The “empowerment zones” are to receive intensive federal help to test the idea that special, focused assistance can turn around blighted areas. Companies located within their borders can receive a full $5,000 tax break each year for each local worker they employ. Companies located outside a zone can get up to $2,400 in tax benefits for each worker they hire who lives within the zone.
The goal, Clinton said, is to “focus the limited amount of money we have” on zones that “will get a tremendous amount of concentrated effort.”
The other 100 zones will not be eligible for most of the tax breaks but can get special federal help from new federal initiatives and some existing programs.
Clinton cited, for example, planned federal initiatives to expand community policing and to set up special community redevelopment banks. The existing federal programs he referred to would include those for drug prevention, worker training, housing and child care.
The 100 zones would get “first crack” at such efforts, the President said.

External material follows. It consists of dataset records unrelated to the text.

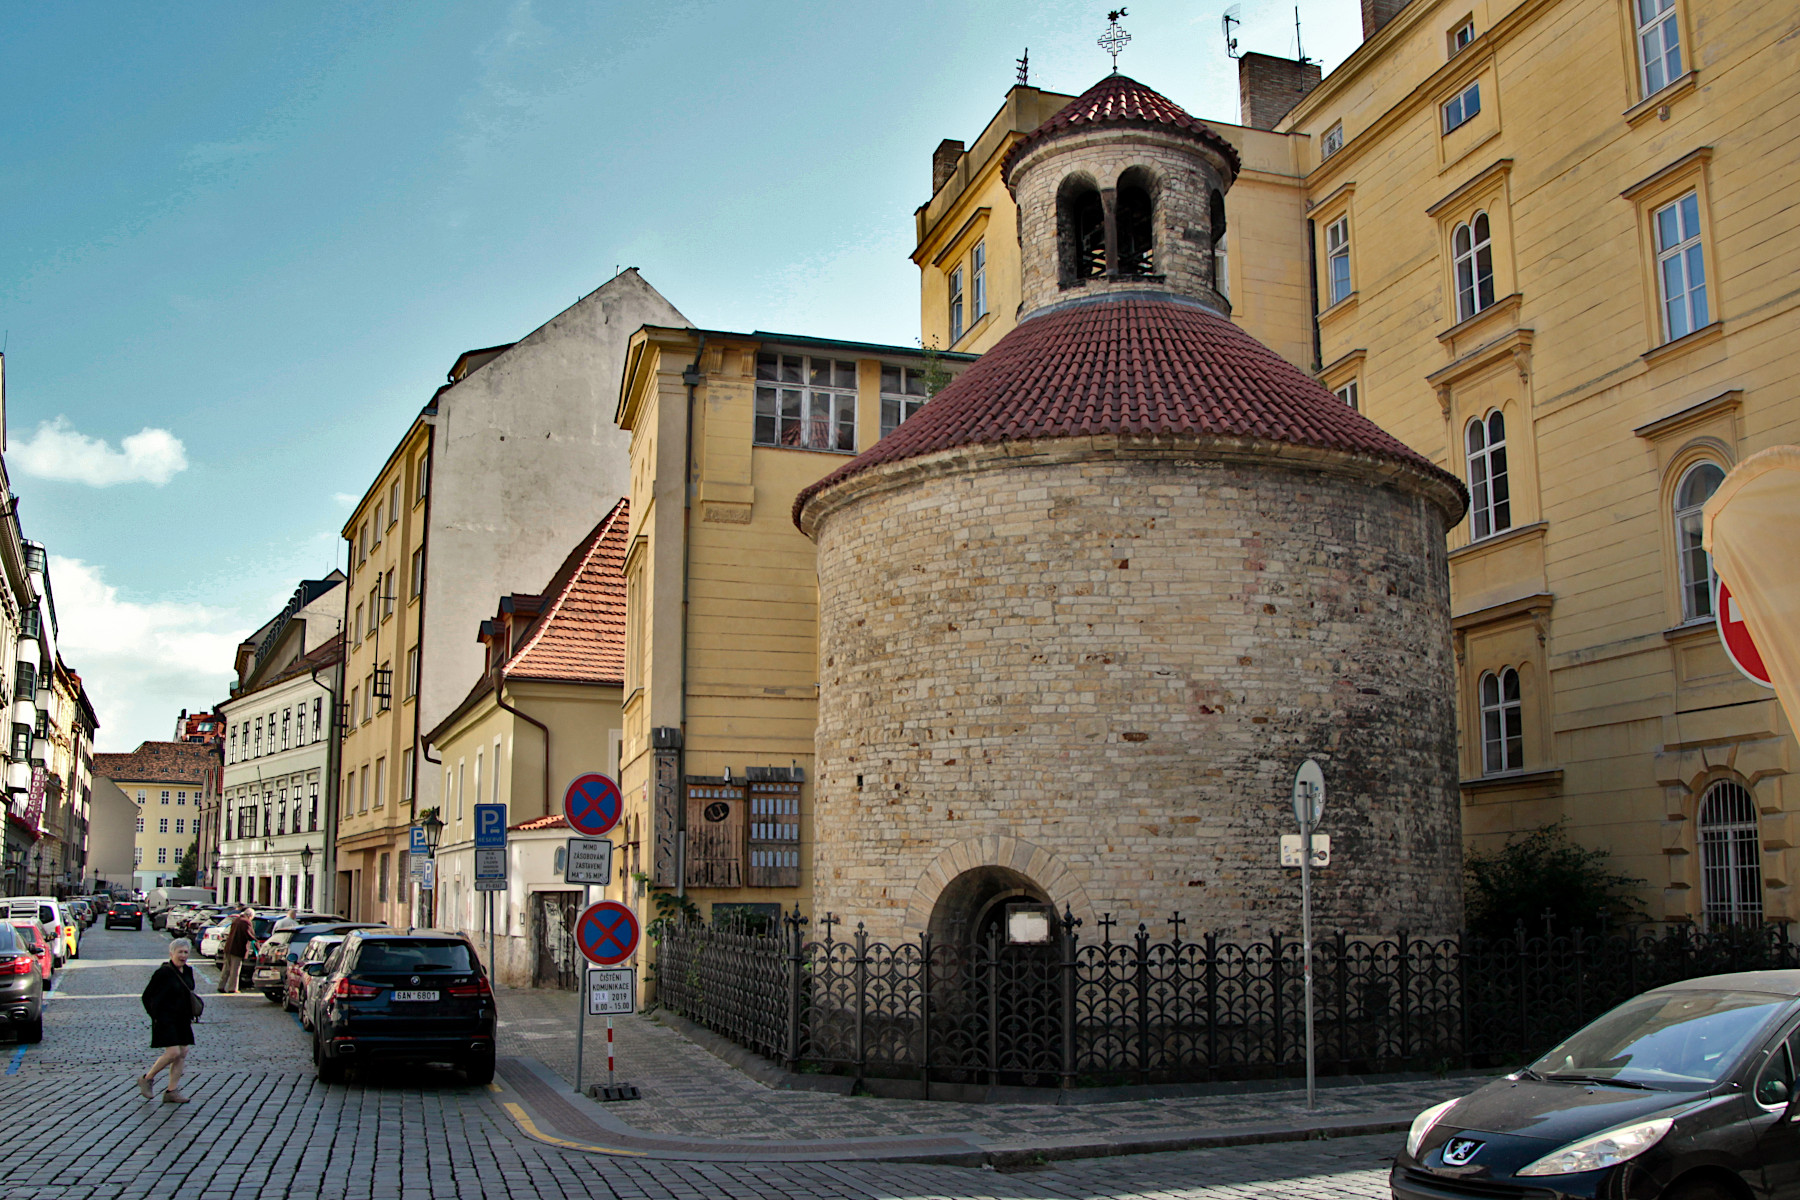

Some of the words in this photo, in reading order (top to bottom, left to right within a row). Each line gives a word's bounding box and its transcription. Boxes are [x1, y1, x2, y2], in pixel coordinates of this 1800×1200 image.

[26, 775, 40, 818] BOLOGNA
[482, 810, 499, 834] P
[414, 830, 424, 846] P
[425, 863, 432, 880] P
[600, 973, 621, 981] ČIŠTĚNÍ
[593, 983, 629, 991] KOMUNIKACE
[612, 993, 627, 1001] 2019

The program’s $8.1-billion total would include $5 billion in new federal money, while the remainder of the money would be redirected from other federal programs.
The President’s current fiscal 1994 budget already includes $4.1 billion in funds to cover the tax breaks called for by the bill.
Communities would compete to become designated areas by filing applications to show that their economic and social problems qualified them for special help. They would also need to demonstrate that they had the support of private businesses for their efforts and they would need to develop a comprehensive plan to show how they intended to rebuild.
“Our proposal emphasizes job creation first and foremost and we think wage and tax credits are the most effective way to generate jobs,” said Reed, who helped develop the proposal.
Administration officials said that their talks with local and state officials convinced them that providing waivers on federal regulations would be one of the most productive ways to help. Too often, they said, regulations for one program hinders another program from reaching its goals.
To streamline such regulations, the proposal calls for creation of a special “enterprise board,” made up of federal officials from a number of agencies, to consider requests for waivers.
In its effort to enable communities and individuals to help themselves, the proposal in some ways embodies the “new Democrat” principals espoused by Clinton during the 1992 presidential campaign.
It would, for example, allow newly employed workers to set aside savings, tax free, of as much as $700. The goal is to foster self-reliance.
“These proposals were really at the heart of the President’s program,” Reed said.
Clinton aides said that the program would be an experimental effort that could be changed--or discarded--if it does not live up to its promise.
Enterprise zones were advanced in both the Ronald Reagan and George Bush administrations as a means to cure inner-city problems using the job-generating capacity of the private sector. The Republican proposals--including those of former Housing Secretary Jack Kemp--called for granting a series of tax breaks for business but did not tie them to the employment of local workers.
The new proposal would be introduced in the House Ways and Means Committee and is to be considered by Congress as part of the budget reconciliation bill, aides said.
Rep. Robert T. Matsui (D-Sacramento), a Ways and Means member, said that he sees “very good support” for the measure in the committee, and through the Congress as a whole.